Mr. Patterson rolls his eyes and shakes his head. He slides his cap off for a moment, exposing the shiny top of his head with sparse graying hair surrounding it. The pale winter sun shone on this spot and a glint of light reflected from it, as if his head were made of metal. Stan likes to imagine his father’s bald spot as a hubcap. “How many times do I have to tell you, Stan? You don’t have any control over the ball when you kick it with your toe. Does this sound familiar?”
“Yeah, Dad,” says Stan without looking at his father, still counting the rotations of the soccer ball.
“OK, then tell me this: what parts of the foot do we use to kick a soccer ball?”

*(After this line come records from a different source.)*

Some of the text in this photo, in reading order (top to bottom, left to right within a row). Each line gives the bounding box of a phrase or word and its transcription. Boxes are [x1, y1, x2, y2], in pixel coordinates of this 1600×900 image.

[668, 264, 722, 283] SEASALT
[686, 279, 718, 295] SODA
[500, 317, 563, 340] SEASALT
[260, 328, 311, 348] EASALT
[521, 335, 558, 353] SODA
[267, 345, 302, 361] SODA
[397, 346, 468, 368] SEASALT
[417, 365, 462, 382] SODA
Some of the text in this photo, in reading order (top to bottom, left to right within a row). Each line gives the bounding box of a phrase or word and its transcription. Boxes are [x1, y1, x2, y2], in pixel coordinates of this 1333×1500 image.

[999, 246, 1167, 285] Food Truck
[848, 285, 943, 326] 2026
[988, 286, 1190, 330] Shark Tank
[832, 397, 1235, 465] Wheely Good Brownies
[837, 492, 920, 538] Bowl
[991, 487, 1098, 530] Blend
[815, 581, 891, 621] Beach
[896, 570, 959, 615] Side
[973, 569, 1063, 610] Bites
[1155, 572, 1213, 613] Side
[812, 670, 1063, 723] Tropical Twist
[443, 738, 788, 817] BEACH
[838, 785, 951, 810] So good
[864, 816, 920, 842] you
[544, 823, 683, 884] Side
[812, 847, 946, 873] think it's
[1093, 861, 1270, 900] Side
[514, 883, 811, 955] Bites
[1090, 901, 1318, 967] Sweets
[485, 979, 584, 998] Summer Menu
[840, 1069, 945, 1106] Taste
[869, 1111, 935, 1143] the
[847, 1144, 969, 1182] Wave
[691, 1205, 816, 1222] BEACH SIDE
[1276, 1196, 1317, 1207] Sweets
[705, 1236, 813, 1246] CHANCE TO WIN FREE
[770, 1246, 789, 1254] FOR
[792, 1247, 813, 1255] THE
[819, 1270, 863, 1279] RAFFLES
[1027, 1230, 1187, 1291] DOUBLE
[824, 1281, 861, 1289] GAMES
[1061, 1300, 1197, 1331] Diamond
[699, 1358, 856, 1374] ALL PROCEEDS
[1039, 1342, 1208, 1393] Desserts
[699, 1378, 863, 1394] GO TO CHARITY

“Is it the top of your foot?”
“Uhhh. I dunno.”
“Dammit, Stan!” Mr. Patterson lumbers forward and snatches the ball from the air. He points at himself between the eyes and speaks slowly. “Look at me, Stan. The side of your foot. You can also use the side of your foot to hit the soccer ball. I don’t know how many times—” Mr. Patterson trails off in his speech, his green-and-white checkered soccer shorts whipping in the wind as he marches toward the house. He swings the screen door open. “You really need to start watching your brother play more often. If you want to have any hope of getting into the select league, you’re going to have to start taking some pointers from him.” Holding the door open with his toe, Mr. Patterson arches his arms behind his head and thrusts the soccer ball at Stan. The ball bounces once and Stan prepares to catch it, but he misses, and it smacks him in the nose. A sharp pain shoots through Stan’s head. He tries not to cry.

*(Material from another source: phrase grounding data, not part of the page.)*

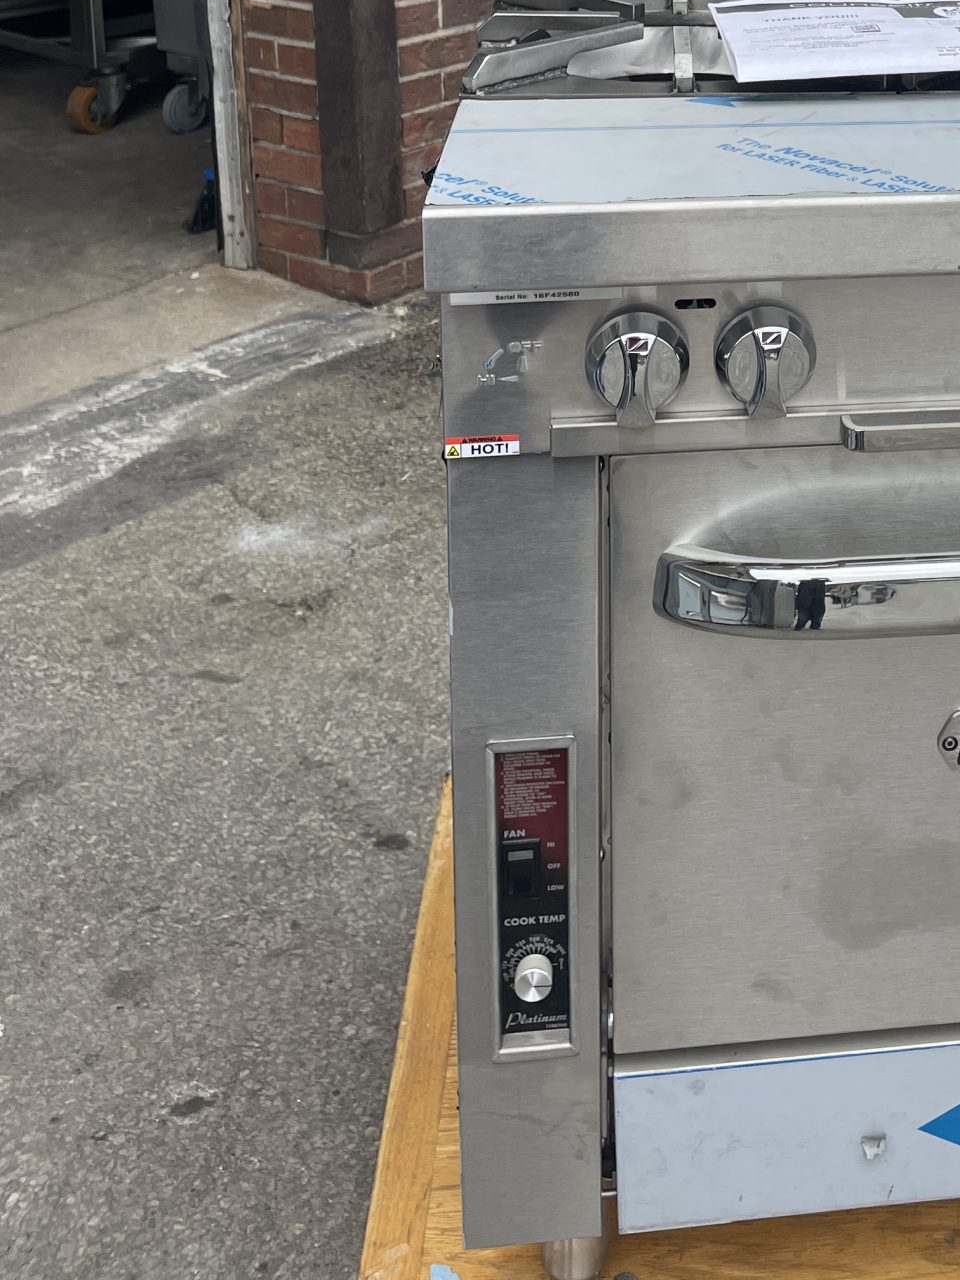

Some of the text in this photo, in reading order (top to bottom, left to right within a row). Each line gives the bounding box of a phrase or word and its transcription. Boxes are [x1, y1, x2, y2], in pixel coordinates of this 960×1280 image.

[736, 137, 772, 150] The
[716, 142, 745, 154] for
[743, 149, 801, 167] LASER
[800, 164, 848, 181] Fiber
[471, 443, 509, 455] HOT!
[503, 829, 526, 838] FAN
[504, 914, 566, 927] COOK TEMP
[505, 1012, 567, 1029] Platinum
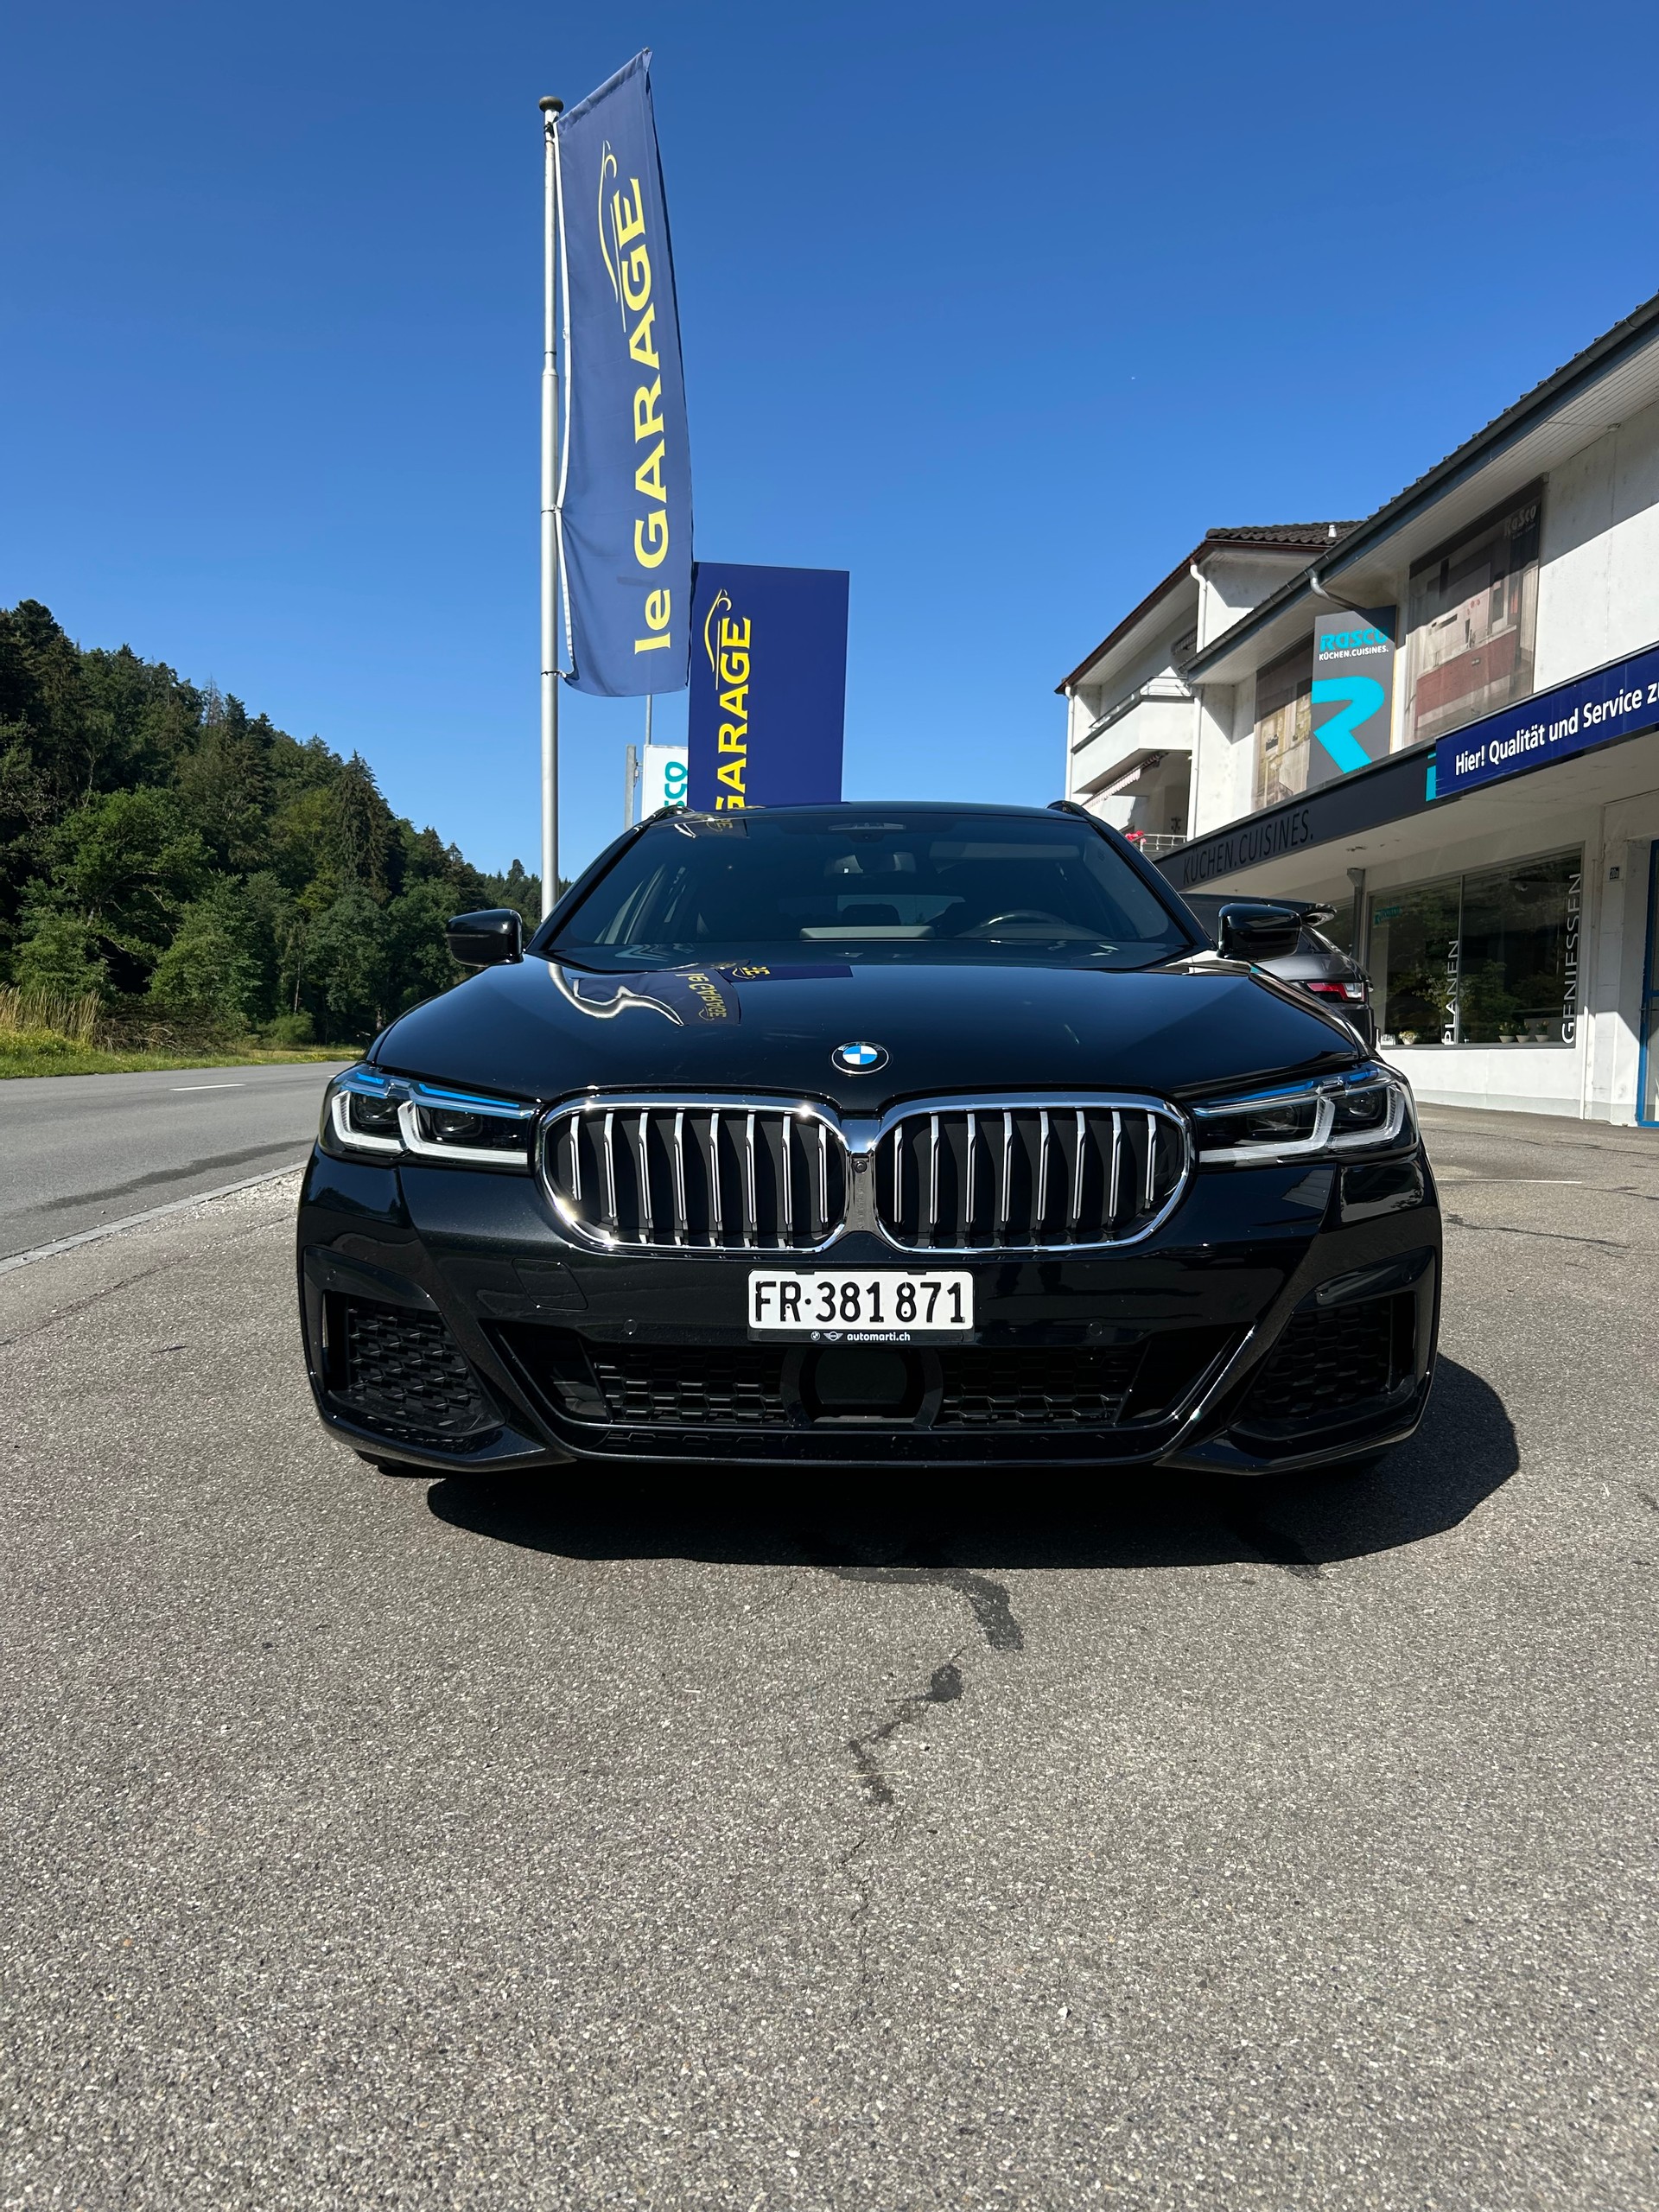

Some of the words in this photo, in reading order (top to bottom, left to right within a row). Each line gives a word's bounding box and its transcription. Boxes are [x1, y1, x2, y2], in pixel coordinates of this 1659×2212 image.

[613, 178, 670, 569] GARAGE
[635, 588, 671, 655] le
[1455, 745, 1485, 775] Hier!
[1489, 725, 1545, 765] Qualität
[1548, 708, 1579, 741] und
[1583, 689, 1643, 728] Service
[1647, 681, 1659, 704] z
[1183, 810, 1313, 886] KÜCHEN.CUISINES.
[1444, 940, 1459, 1046] PLANEN
[1561, 873, 1581, 1044] GENIESSEN
[847, 1332, 911, 1341] automarti.ch
[895, 1281, 966, 1323] 871

“Oh. . . OK, Dad,” says Stan. Eyes downcast, he drops to the ground hard, smacking his rear end onto the dry, packed soil with a thud. He waits until his father stops looking and throws the ball backwards into the street. It makes its way to the street gutter and bobbles out of Stan’s sight.

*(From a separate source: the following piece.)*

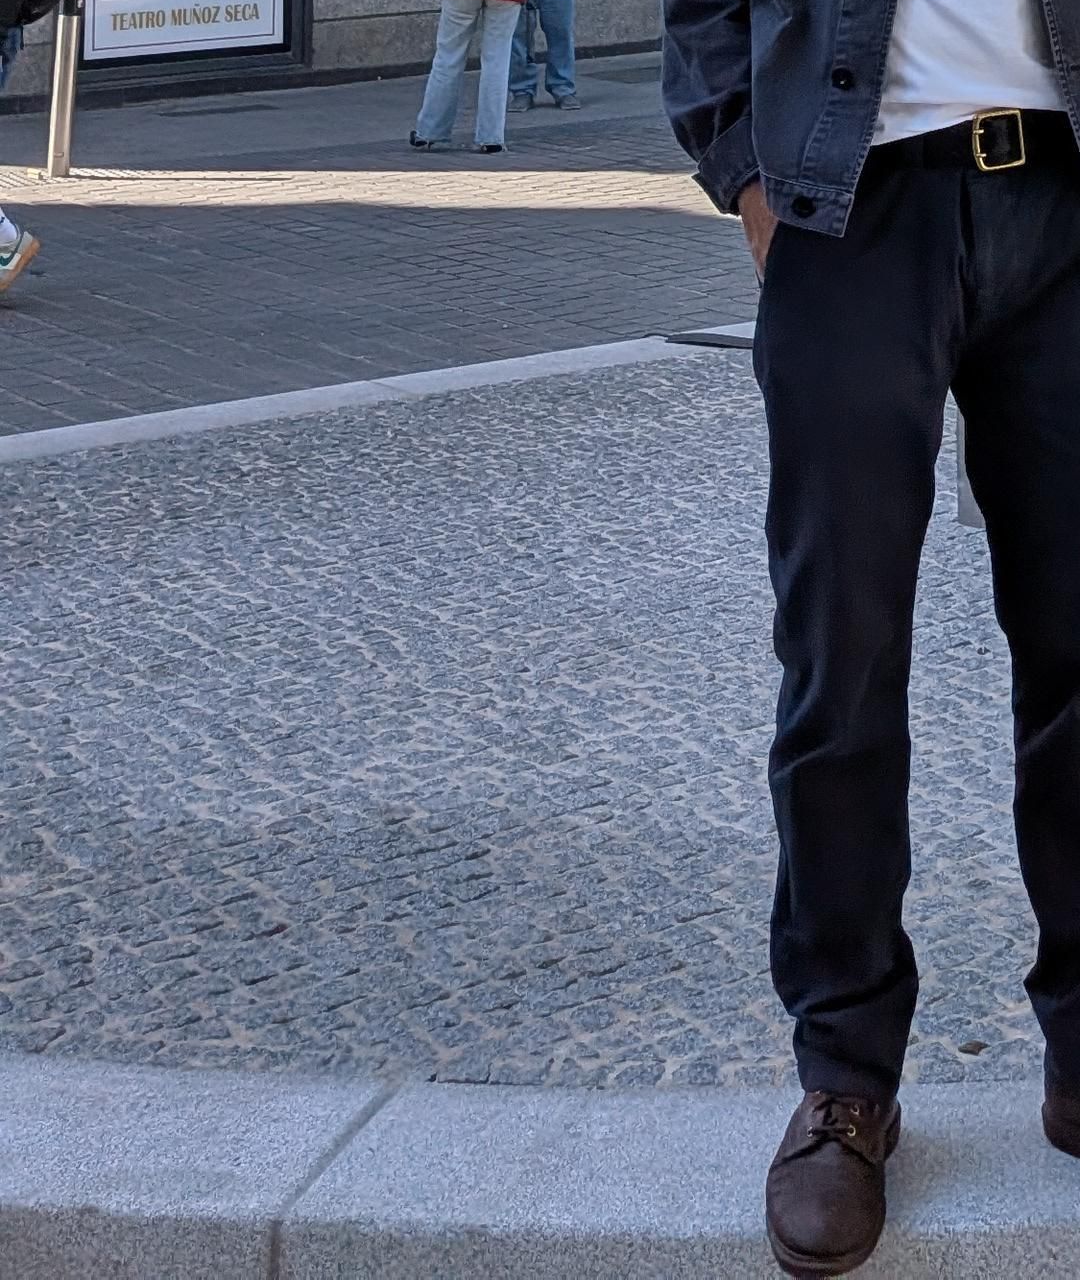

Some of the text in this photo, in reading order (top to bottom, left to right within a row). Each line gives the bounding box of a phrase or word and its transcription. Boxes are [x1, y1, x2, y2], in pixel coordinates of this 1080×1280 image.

[111, 3, 260, 31] TEATRO MUÑOZ SECA

As Mr. Patterson steps halfway indoors, Stan’s older brother, Ted, sprints out, almost knocking his father over. Alarmed at first, Mr. Patterson regains his balance and smiles like a happy crocodile, baring his jagged, yellowing teeth.
“Atta boy. You show your brother what hustle is all about.” The screen door whines on its rusty hinges and crashes shut.
“Hey, Stan! What did Mom and Dad get for your birthday?”
Stan makes no recognition of Ted, his head still drooping like a wet flower.
“Stan. Stan? What’s wrong, little bro?”
“I don’t want to talk,” says Stan, without looking up. He sniffs.
“Stan. Quit being a baby.”
“Go away,” Stan whispers, barely audible above the roar of a neighbor’s car passing by.
“I said, ‘Go away,’ Ted.”
heck? What’s your problem?” He nears Stan and lays his hand on Stan’s shoulder.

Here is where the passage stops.